(Stored data entries)
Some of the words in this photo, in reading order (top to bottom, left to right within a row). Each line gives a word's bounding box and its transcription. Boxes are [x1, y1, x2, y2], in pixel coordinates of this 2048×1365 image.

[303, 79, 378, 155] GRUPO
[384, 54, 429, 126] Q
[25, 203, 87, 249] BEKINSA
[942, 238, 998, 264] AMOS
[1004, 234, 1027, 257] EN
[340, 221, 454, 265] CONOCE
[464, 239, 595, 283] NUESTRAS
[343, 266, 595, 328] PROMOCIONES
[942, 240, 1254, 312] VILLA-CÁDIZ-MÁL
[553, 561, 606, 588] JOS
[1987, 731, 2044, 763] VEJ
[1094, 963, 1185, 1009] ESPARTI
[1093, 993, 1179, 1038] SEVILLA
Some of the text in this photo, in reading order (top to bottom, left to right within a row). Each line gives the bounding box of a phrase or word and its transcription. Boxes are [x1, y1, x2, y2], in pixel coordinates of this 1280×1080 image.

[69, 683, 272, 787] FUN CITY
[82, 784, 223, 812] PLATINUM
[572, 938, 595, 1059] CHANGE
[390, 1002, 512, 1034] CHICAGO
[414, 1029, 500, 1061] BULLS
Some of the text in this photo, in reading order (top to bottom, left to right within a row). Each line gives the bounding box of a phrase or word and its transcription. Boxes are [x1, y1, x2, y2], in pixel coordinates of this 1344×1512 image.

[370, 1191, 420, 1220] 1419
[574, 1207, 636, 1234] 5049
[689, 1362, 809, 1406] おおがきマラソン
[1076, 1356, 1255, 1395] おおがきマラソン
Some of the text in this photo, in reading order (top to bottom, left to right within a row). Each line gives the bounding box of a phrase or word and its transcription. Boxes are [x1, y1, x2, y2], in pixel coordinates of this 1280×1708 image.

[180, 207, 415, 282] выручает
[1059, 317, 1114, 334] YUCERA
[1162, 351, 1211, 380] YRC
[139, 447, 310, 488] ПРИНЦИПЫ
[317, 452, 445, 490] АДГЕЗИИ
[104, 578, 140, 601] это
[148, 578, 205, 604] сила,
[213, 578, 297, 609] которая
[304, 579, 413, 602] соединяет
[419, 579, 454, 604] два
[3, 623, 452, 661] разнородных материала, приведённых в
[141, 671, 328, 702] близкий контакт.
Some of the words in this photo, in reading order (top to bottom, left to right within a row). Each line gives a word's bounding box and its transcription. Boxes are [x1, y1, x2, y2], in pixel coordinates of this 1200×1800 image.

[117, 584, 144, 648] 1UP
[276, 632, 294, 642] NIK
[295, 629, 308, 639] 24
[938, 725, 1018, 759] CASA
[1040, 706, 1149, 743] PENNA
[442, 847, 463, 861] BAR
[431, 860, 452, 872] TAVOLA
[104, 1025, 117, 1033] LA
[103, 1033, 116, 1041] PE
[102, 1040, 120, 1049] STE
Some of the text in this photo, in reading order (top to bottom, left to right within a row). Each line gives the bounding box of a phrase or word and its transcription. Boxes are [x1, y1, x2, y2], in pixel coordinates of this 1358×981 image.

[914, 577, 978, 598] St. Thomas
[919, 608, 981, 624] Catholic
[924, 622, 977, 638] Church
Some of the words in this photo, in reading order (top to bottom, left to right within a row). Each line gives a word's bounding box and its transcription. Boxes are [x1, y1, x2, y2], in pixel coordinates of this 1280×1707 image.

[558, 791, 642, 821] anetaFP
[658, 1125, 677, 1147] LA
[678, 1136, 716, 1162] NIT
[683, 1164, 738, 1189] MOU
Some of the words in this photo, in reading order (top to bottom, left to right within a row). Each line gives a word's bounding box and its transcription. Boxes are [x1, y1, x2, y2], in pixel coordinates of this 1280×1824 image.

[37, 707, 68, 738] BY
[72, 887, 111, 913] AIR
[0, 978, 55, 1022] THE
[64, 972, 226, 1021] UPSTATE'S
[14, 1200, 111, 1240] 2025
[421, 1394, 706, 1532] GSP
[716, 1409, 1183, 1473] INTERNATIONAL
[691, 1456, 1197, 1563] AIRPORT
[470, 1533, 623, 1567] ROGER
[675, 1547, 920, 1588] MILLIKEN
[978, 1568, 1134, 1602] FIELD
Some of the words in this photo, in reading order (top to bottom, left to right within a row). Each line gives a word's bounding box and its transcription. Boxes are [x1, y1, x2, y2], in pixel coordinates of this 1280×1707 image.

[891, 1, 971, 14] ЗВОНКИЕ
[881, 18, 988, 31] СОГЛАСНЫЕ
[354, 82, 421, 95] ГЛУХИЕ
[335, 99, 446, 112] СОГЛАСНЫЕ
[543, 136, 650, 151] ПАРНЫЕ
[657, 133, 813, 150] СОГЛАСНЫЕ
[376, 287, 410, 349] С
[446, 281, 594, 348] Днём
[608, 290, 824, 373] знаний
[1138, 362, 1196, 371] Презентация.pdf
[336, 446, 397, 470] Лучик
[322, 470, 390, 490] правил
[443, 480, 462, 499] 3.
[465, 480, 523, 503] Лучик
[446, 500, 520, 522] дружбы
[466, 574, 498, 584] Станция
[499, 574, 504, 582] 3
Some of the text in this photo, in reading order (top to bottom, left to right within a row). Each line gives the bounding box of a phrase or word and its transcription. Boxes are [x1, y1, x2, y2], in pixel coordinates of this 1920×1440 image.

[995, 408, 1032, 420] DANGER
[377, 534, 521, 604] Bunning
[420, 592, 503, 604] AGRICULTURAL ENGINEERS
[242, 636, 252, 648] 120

## Problem description
Return each line above precisely as written.

## Response to the exercise
Some of the words in this photo, in reading order (top to bottom, left to right within a row). Each line gives a word's bounding box and its transcription. Boxes are [x1, y1, x2, y2], in pixel coordinates of this 2048×1365 image.

[303, 79, 378, 155] GRUPO
[384, 54, 429, 126] Q
[25, 203, 87, 249] BEKINSA
[942, 238, 998, 264] AMOS
[1004, 234, 1027, 257] EN
[340, 221, 454, 265] CONOCE
[464, 239, 595, 283] NUESTRAS
[343, 266, 595, 328] PROMOCIONES
[942, 240, 1254, 312] VILLA-CÁDIZ-MÁL
[553, 561, 606, 588] JOS
[1987, 731, 2044, 763] VEJ
[1094, 963, 1185, 1009] ESPARTI
[1093, 993, 1179, 1038] SEVILLA
Some of the text in this photo, in reading order (top to bottom, left to right within a row). Each line gives the bounding box of a phrase or word and its transcription. Boxes are [x1, y1, x2, y2], in pixel coordinates of this 1280×1080 image.

[69, 683, 272, 787] FUN CITY
[82, 784, 223, 812] PLATINUM
[572, 938, 595, 1059] CHANGE
[390, 1002, 512, 1034] CHICAGO
[414, 1029, 500, 1061] BULLS
Some of the text in this photo, in reading order (top to bottom, left to right within a row). Each line gives the bounding box of a phrase or word and its transcription. Boxes are [x1, y1, x2, y2], in pixel coordinates of this 1344×1512 image.

[370, 1191, 420, 1220] 1419
[574, 1207, 636, 1234] 5049
[689, 1362, 809, 1406] おおがきマラソン
[1076, 1356, 1255, 1395] おおがきマラソン
Some of the text in this photo, in reading order (top to bottom, left to right within a row). Each line gives the bounding box of a phrase or word and its transcription. Boxes are [x1, y1, x2, y2], in pixel coordinates of this 1280×1708 image.

[180, 207, 415, 282] выручает
[1059, 317, 1114, 334] YUCERA
[1162, 351, 1211, 380] YRC
[139, 447, 310, 488] ПРИНЦИПЫ
[317, 452, 445, 490] АДГЕЗИИ
[104, 578, 140, 601] это
[148, 578, 205, 604] сила,
[213, 578, 297, 609] которая
[304, 579, 413, 602] соединяет
[419, 579, 454, 604] два
[3, 623, 452, 661] разнородных материала, приведённых в
[141, 671, 328, 702] близкий контакт.
Some of the words in this photo, in reading order (top to bottom, left to right within a row). Each line gives a word's bounding box and its transcription. Boxes are [x1, y1, x2, y2], in pixel coordinates of this 1200×1800 image.

[117, 584, 144, 648] 1UP
[276, 632, 294, 642] NIK
[295, 629, 308, 639] 24
[938, 725, 1018, 759] CASA
[1040, 706, 1149, 743] PENNA
[442, 847, 463, 861] BAR
[431, 860, 452, 872] TAVOLA
[104, 1025, 117, 1033] LA
[103, 1033, 116, 1041] PE
[102, 1040, 120, 1049] STE
Some of the text in this photo, in reading order (top to bottom, left to right within a row). Each line gives the bounding box of a phrase or word and its transcription. Boxes are [x1, y1, x2, y2], in pixel coordinates of this 1358×981 image.

[914, 577, 978, 598] St. Thomas
[919, 608, 981, 624] Catholic
[924, 622, 977, 638] Church
Some of the words in this photo, in reading order (top to bottom, left to right within a row). Each line gives a word's bounding box and its transcription. Boxes are [x1, y1, x2, y2], in pixel coordinates of this 1280×1707 image.

[558, 791, 642, 821] anetaFP
[658, 1125, 677, 1147] LA
[678, 1136, 716, 1162] NIT
[683, 1164, 738, 1189] MOU
Some of the words in this photo, in reading order (top to bottom, left to right within a row). Each line gives a word's bounding box and its transcription. Boxes are [x1, y1, x2, y2], in pixel coordinates of this 1280×1824 image.

[37, 707, 68, 738] BY
[72, 887, 111, 913] AIR
[0, 978, 55, 1022] THE
[64, 972, 226, 1021] UPSTATE'S
[14, 1200, 111, 1240] 2025
[421, 1394, 706, 1532] GSP
[716, 1409, 1183, 1473] INTERNATIONAL
[691, 1456, 1197, 1563] AIRPORT
[470, 1533, 623, 1567] ROGER
[675, 1547, 920, 1588] MILLIKEN
[978, 1568, 1134, 1602] FIELD
Some of the words in this photo, in reading order (top to bottom, left to right within a row). Each line gives a word's bounding box and its transcription. Boxes are [x1, y1, x2, y2], in pixel coordinates of this 1280×1707 image.

[891, 1, 971, 14] ЗВОНКИЕ
[881, 18, 988, 31] СОГЛАСНЫЕ
[354, 82, 421, 95] ГЛУХИЕ
[335, 99, 446, 112] СОГЛАСНЫЕ
[543, 136, 650, 151] ПАРНЫЕ
[657, 133, 813, 150] СОГЛАСНЫЕ
[376, 287, 410, 349] С
[446, 281, 594, 348] Днём
[608, 290, 824, 373] знаний
[1138, 362, 1196, 371] Презентация.pdf
[336, 446, 397, 470] Лучик
[322, 470, 390, 490] правил
[443, 480, 462, 499] 3.
[465, 480, 523, 503] Лучик
[446, 500, 520, 522] дружбы
[466, 574, 498, 584] Станция
[499, 574, 504, 582] 3
Some of the text in this photo, in reading order (top to bottom, left to right within a row). Each line gives the bounding box of a phrase or word and its transcription. Boxes are [x1, y1, x2, y2], in pixel coordinates of this 1920×1440 image.

[995, 408, 1032, 420] DANGER
[377, 534, 521, 604] Bunning
[420, 592, 503, 604] AGRICULTURAL ENGINEERS
[242, 636, 252, 648] 120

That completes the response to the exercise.